* Description of the task *
Write out the listing verbatim. No pictures belong in it.

##############################

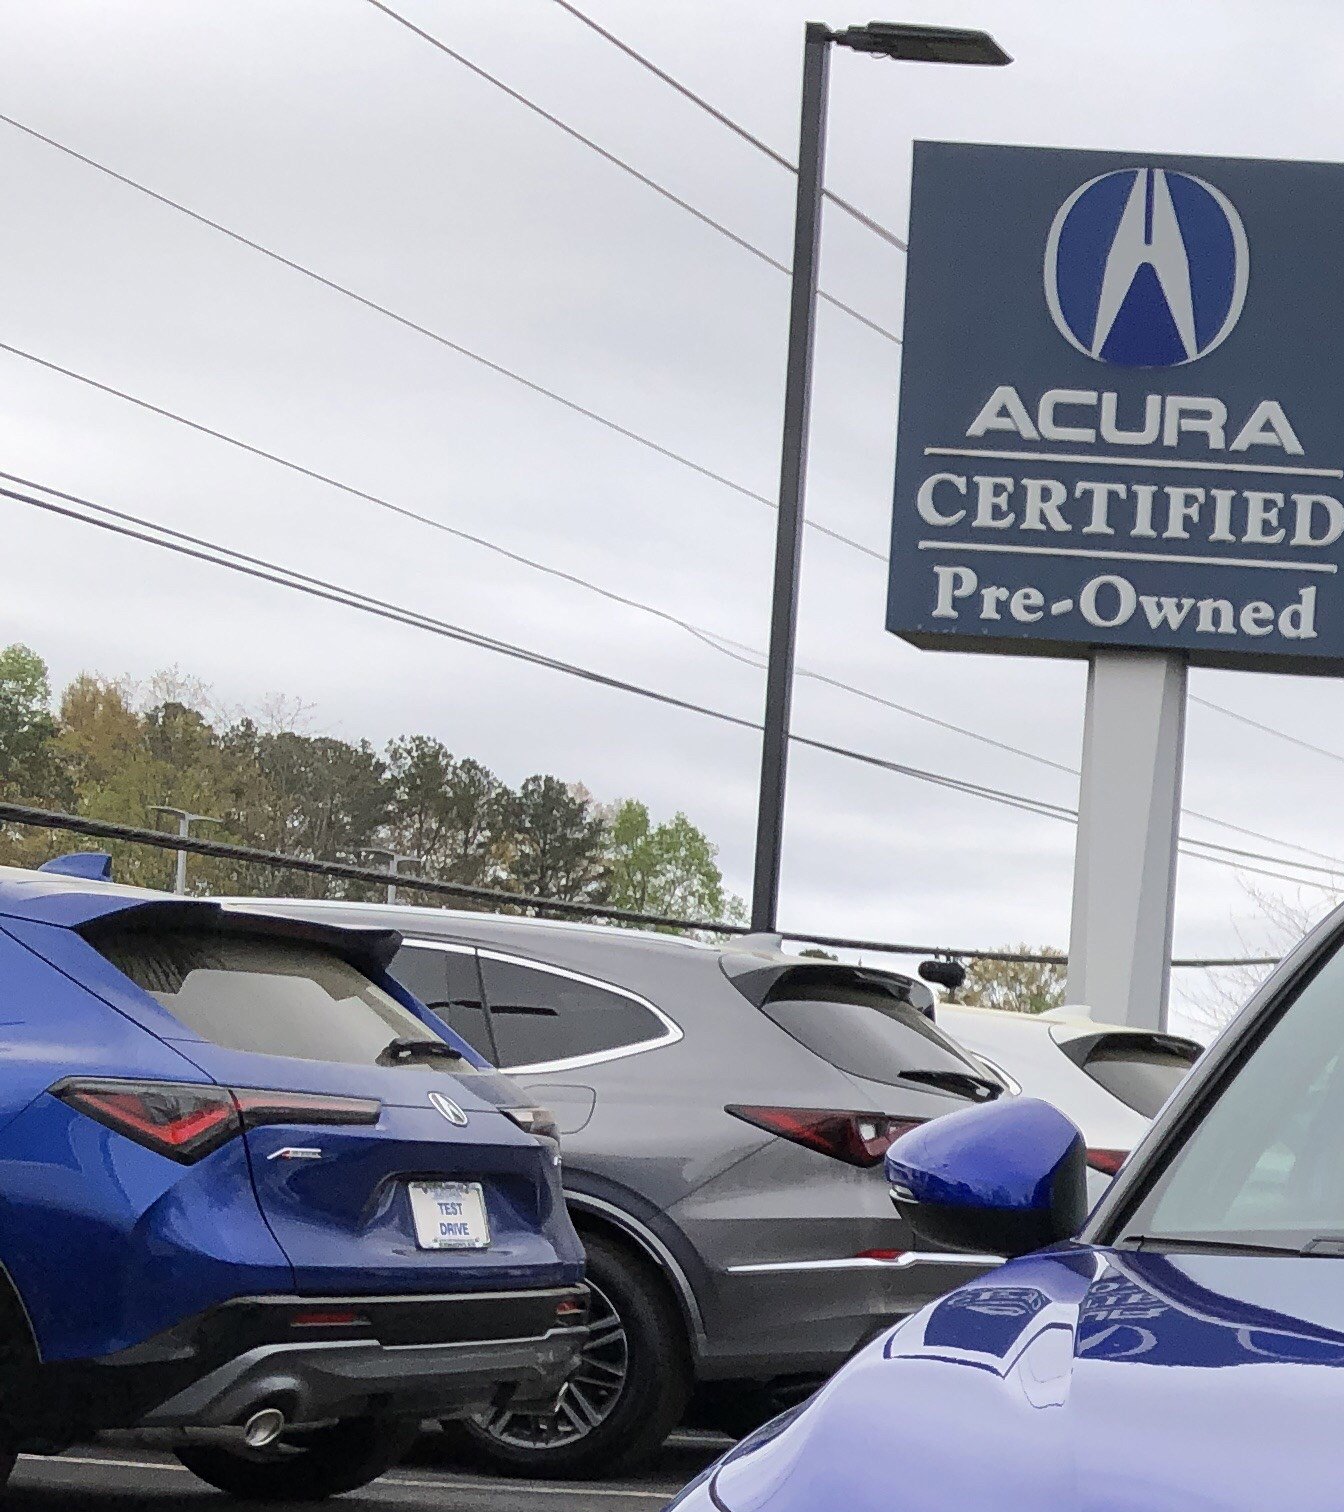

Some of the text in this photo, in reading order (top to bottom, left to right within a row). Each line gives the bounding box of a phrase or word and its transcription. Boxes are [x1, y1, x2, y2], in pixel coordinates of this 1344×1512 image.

[966, 386, 1304, 454] ACURA
[931, 565, 1318, 639] Pre-Owned
[437, 1202, 463, 1215] TEST
[439, 1222, 470, 1236] DRIVE
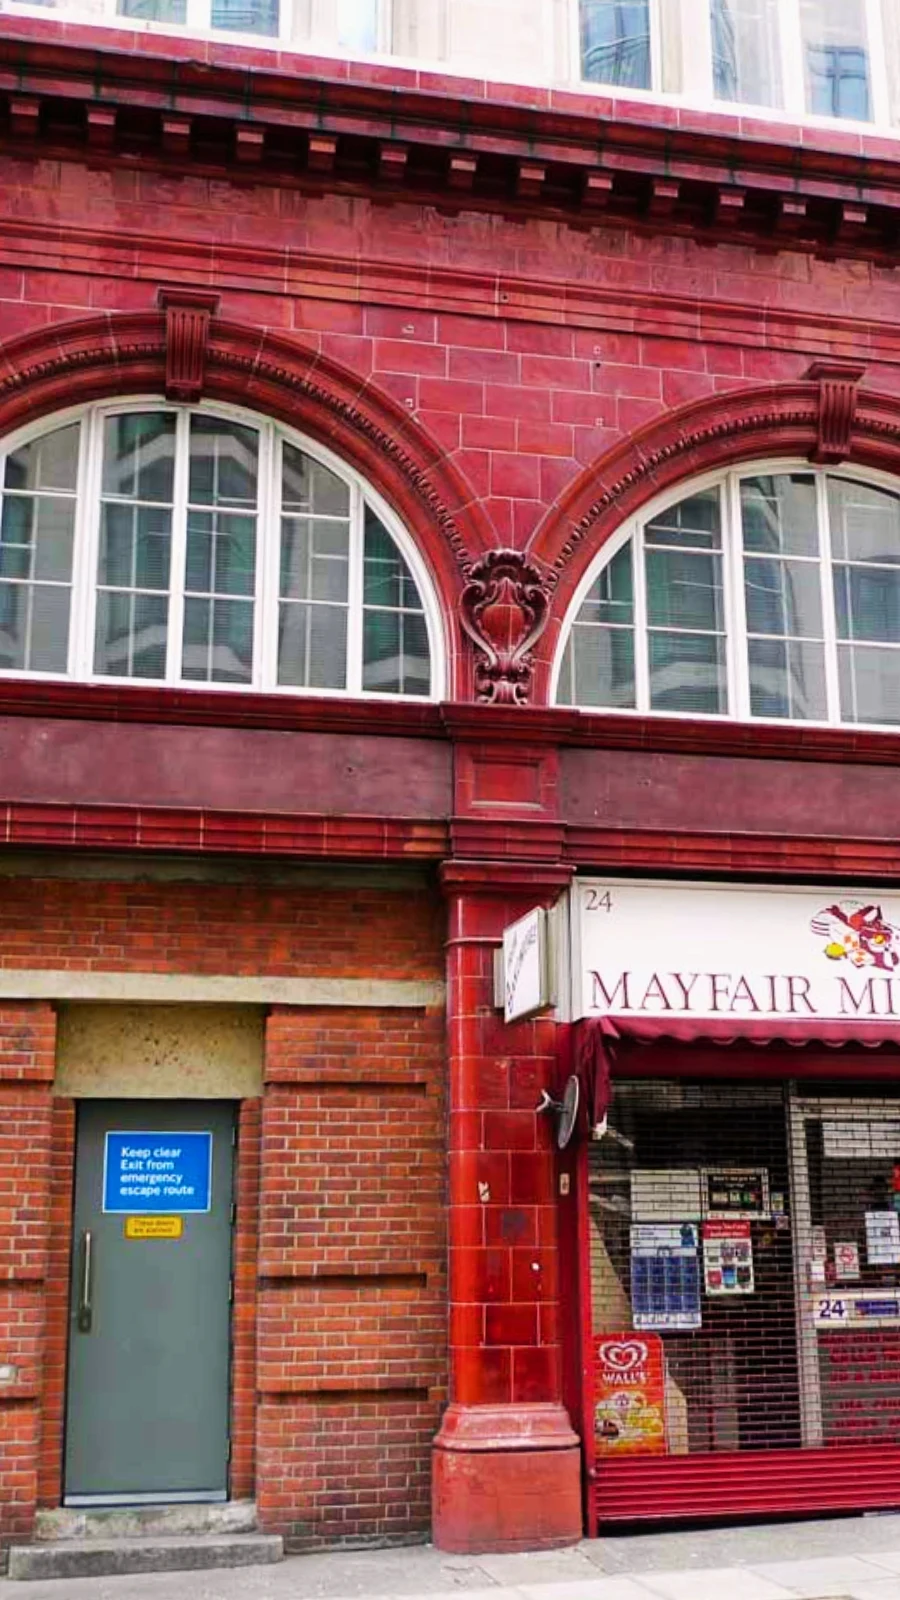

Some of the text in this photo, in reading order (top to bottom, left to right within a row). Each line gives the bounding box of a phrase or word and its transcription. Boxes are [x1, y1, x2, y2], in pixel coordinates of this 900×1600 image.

[585, 889, 613, 913] 24
[587, 970, 900, 1015] MAYFAIR MI
[120, 1146, 182, 1159] Keep clear
[120, 1159, 175, 1170] Exit from
[120, 1173, 183, 1185] emergency
[120, 1186, 195, 1197] escape route
[819, 1299, 845, 1318] 24
[602, 1371, 648, 1385] WALL'S
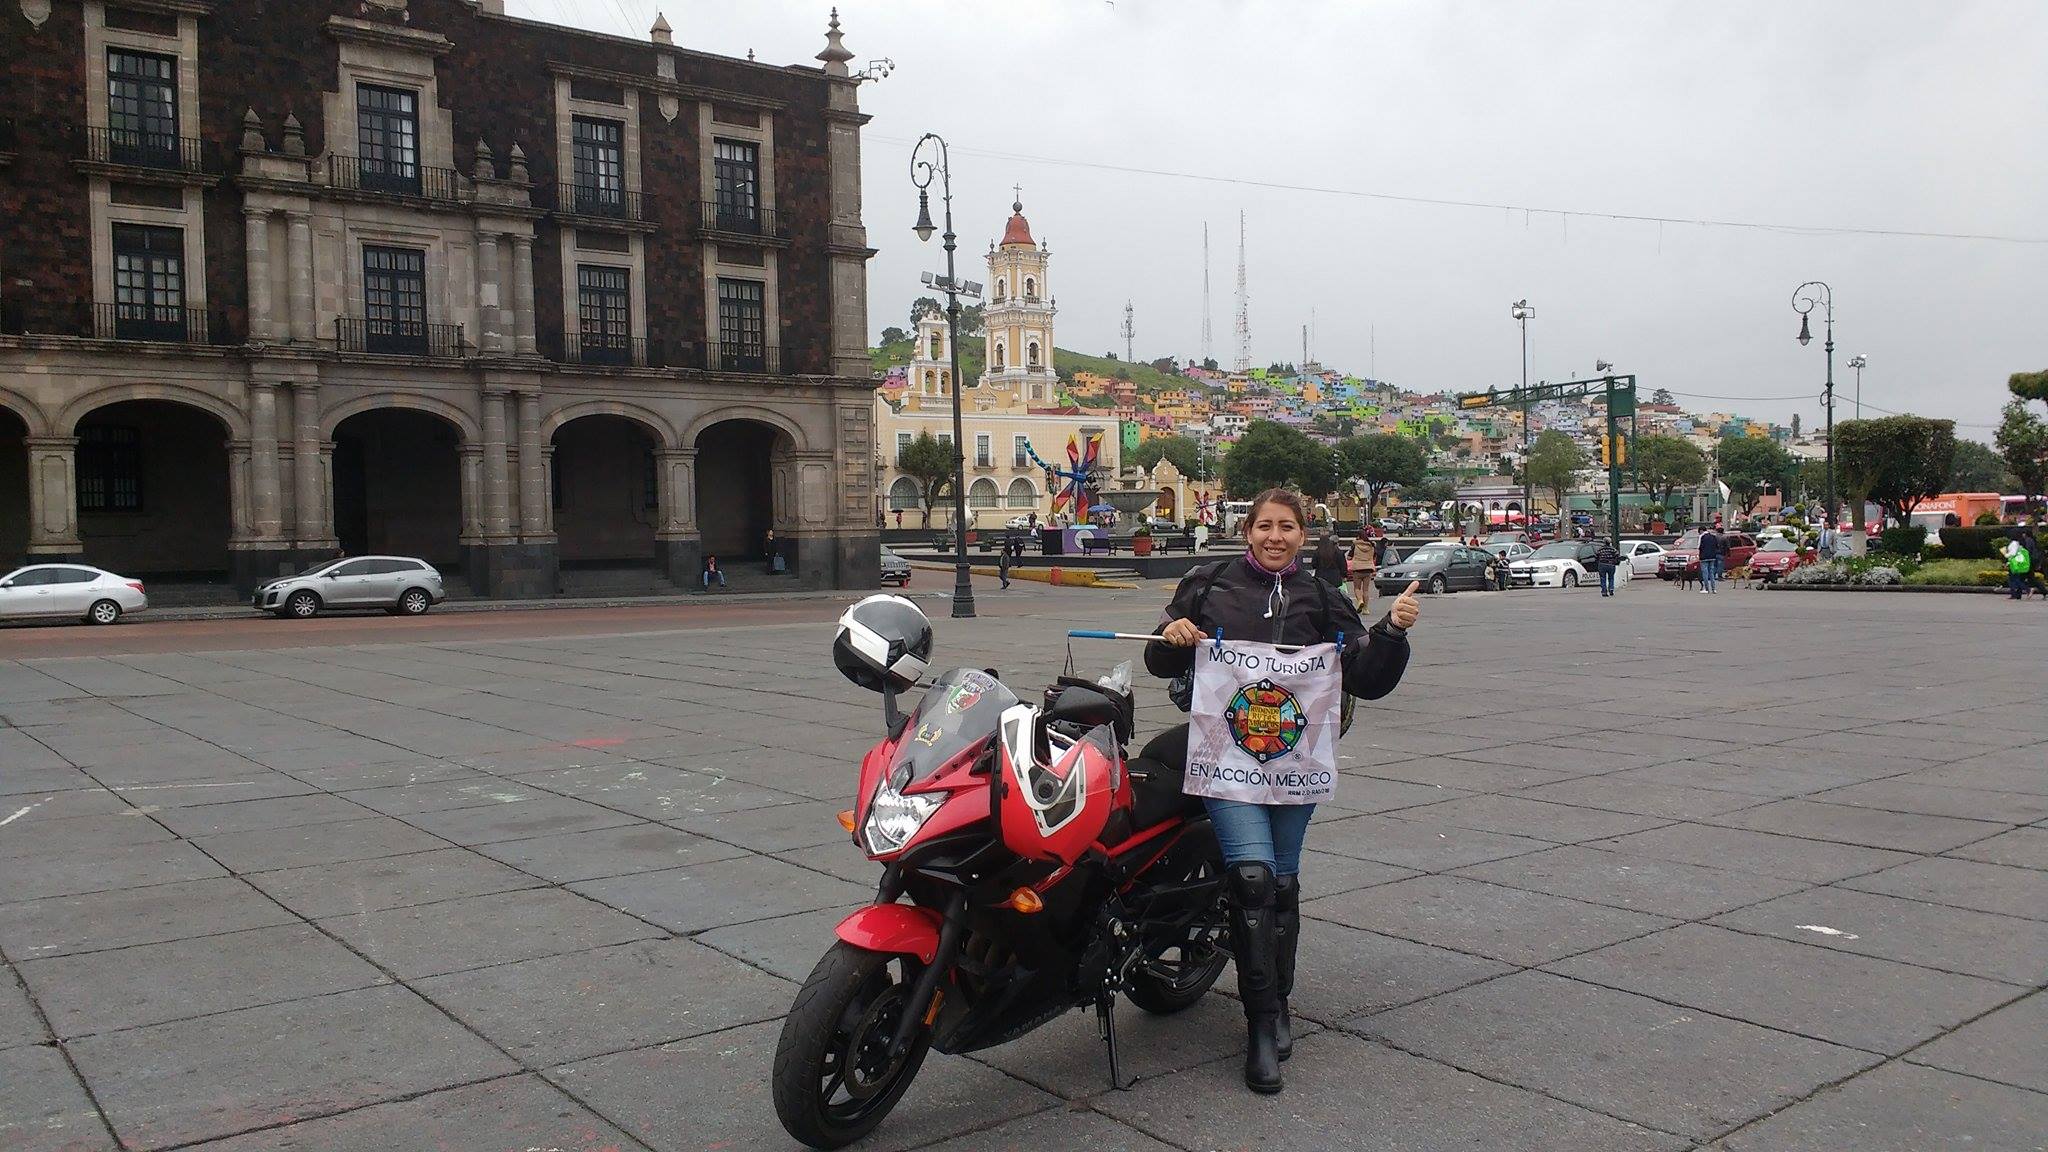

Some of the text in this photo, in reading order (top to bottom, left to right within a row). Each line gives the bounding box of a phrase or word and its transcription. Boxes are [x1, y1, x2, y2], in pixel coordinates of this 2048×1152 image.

##############################

* Response below *
Some of the text in this photo, in reading order (top to bottom, left to right within a row). Each line gives the bounding box of a phrase or word and its transcription. Boxes are [x1, y1, x2, y2], in pixel coordinates of this 1344×1512 image.

[966, 386, 1304, 454] ACURA
[931, 565, 1318, 639] Pre-Owned
[437, 1202, 463, 1215] TEST
[439, 1222, 470, 1236] DRIVE

Some of the text in this photo, in reading order (top to bottom, left to right within a row). Each line gives the bounding box of a phrase or word and its transcription. Boxes are [x1, y1, x2, y2], in pixel coordinates of this 900×1600 image.

[585, 889, 613, 913] 24
[587, 970, 900, 1015] MAYFAIR MI
[120, 1146, 182, 1159] Keep clear
[120, 1159, 175, 1170] Exit from
[120, 1173, 183, 1185] emergency
[120, 1186, 195, 1197] escape route
[819, 1299, 845, 1318] 24
[602, 1371, 648, 1385] WALL'S

Some of the text in this photo, in reading order (top to bottom, left to right within a row). Each line gives the bounding box of a phrase or word and its transcription. Boxes are [x1, y1, x2, y2], in pixel coordinates of this 2048×1152 image.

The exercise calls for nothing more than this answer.